No test for detecting cancer is 100 per cent accurate, but best practice should be able to counteract any uncertainty, write Cathal Walsh, Alan Kellyand Shane Allwright
Considerable anxiety has been aroused recently about missed cases of breast cancer.
Much of the public commentary has been about trying to identify what went wrong in the system, who knew about it, and how they may be held accountable. But there is another angle we should consider.
As pointed out in this paper's Medical Matterscolumn and on the letters page, the tests that we have in this area are imperfect.
It can be extremely difficult to distinguish between "normal" and "abnormal" images and this is reflected in the observed error rates.
Indeed, a recent paper in the Journal of the National Cancer Instituteindicates that when properly carried out, this test will pick up the disease in only about four out of five patients with cancer.
To someone outside of the field, this level of ascertainment may seem low. Indeed, our experience with teaching senior Trinity medical students reveals that this comes as a surprise to them also. However, it is typical of tests of this nature.
Thus, a "positive" or "negative" test result can only be treated as uncertain information about the true underlying disease status. What is critical is that the test result is used carefully when deciding how to manage a particular patient.
As scientists, we spend much of our time dealing with uncertainty. In a clinical setting, physicians deal with this by incorporating the test information with their own expertise and personal knowledge of the patient. Given the result of a diagnostic test, they can then, together with the patient, decide on the next stage of treatment.
Using the data presented in the article by Miglioretti et al, in the Journal of the National Cancer Institute, the routine calculations can help inform our decisions. If someone tests negative on mammogram, then they are almost 99 per cent sure that they do not have cancer. This is reassuring, but not the absolute certainty we would like.
Without invasive procedures we can rarely be 100 per cent sure that someone has not got cancer. But diagnostic tests provide us with a tool for highlighting the most suspicious cases. And even if someone with breast symptoms tests negative, they will continue to be monitored for new symptoms or changes.
In considering how to improve diagnostic services, there needs to be an understanding that we will never have perfection. There are two areas that deserve our attention.
The first is that women going to breast clinics with health concerns should be provided with additional information about testing, access to services and input into decision-making about their own care.
The second is that we need to deploy resources in the system on the basis of evidence, rather than on the basis of speculation about what may have happened or could have happened.
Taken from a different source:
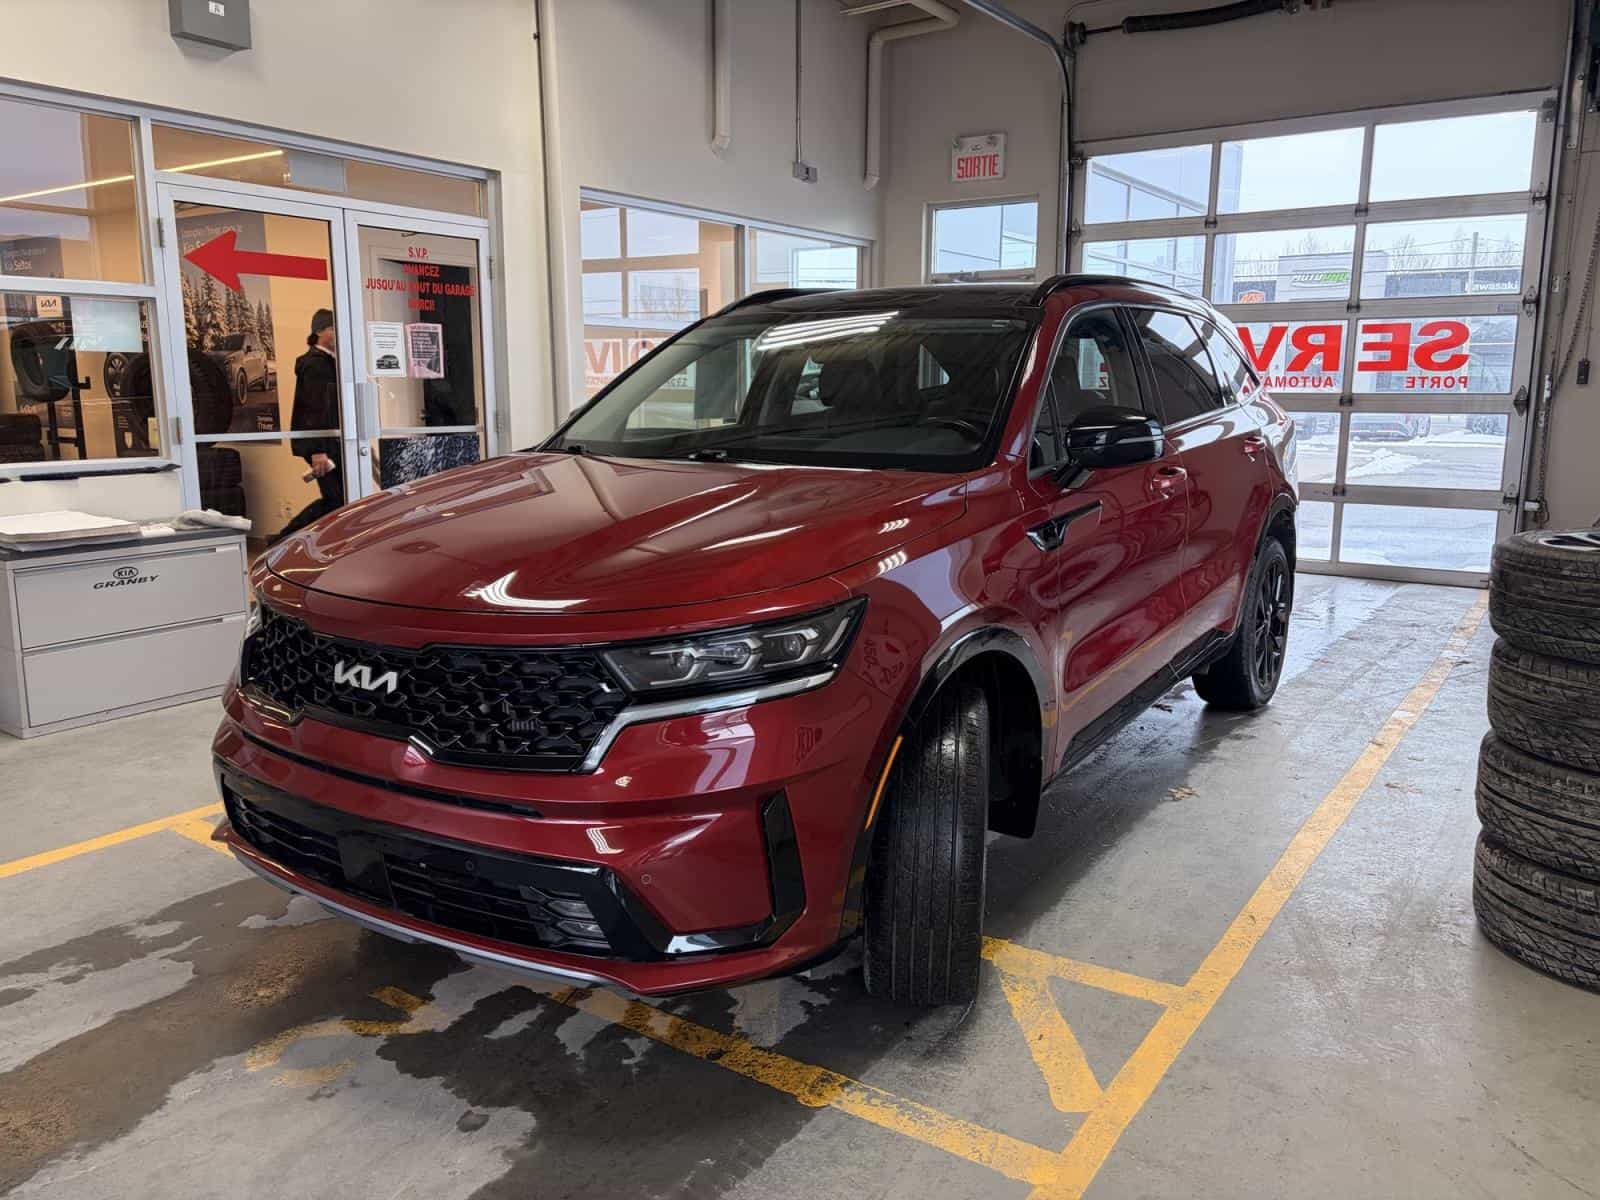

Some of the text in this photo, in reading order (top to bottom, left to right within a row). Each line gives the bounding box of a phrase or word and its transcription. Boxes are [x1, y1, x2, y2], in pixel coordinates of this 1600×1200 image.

Collating information about the number of tests carried out throughout the State, and the current detection rates at each centre, will be much more useful than trying to blame any particular individual for any possible error.
A sense of optimism about what we can achieve and a realism about what we cannot will help us work towards improving healthcare in an ever more demanding world.
Almost all diagnostic tests are subject to natural variability. There are differences between individuals, differences in the conditions that prevailed during the time that the test was being conducted and differences in the environment in which the test is being "read". This natural variability (think of it as introducing "noise") has the effect of degrading the "signal" that is being measured in a laboratory or clinical setting.
Thus when designing a testing procedure, we have to take this "noise" into consideration. This is done by calibrating the test so that it is able to give as accurate a result as possible. This accuracy can be estimated by examining how often it gives the "correct" result in a number of situations.
In particular, we can estimate how often the test returns a positive when an individual in fact has the disease; or how often it returns a negative when the individual does not have the disease.
We can then quantify our uncertainty by saying something about the chances that an individual has the disease, given the result of the test. This is referred to as the predictive value of a positive (or negative) test and is the crucial information that should inform a clinician's decision whether to treat.
These features of diagnostic tests are understood by many health professionals but can be difficult to communicate to a broader audience. Uncertainty is inevitable in this area. The best we can do is to choose the optimal treatment strategy on the test evidence that we have obtained. Regrettably, cases are missed. However, by better understanding the uncertainties, it is possible for doctors and patients to make better treatment decisions.
If someone tests positive, further investigation is required to make sure that these "suspicious" symptoms are investigated fully. If someone has tested negative, it is very reassuring, although any change in their symptoms will need to be monitored closely.
As the director of cancer control, Prof Tom Keane, told The Irish Timeslast month, "even the best quality cancer testing will never be 100 per cent accurate . . . No technology is 100 per cent accurate - it is a subjective science."
However, best practice, usually involving multidisciplinary approaches, ensures that the best possible decisions are taken about how to proceed in the face of uncertain information.
Prof Shane Allwright is associate professor of epidemiology and Dr Alan Kelly is a senior lecturer in biostatistics at the Department of Public Health and Primary Care, Trinity College Dublin. Dr Cathal Walsh is a lecturer in statistics at the Department of Statistics, TCD.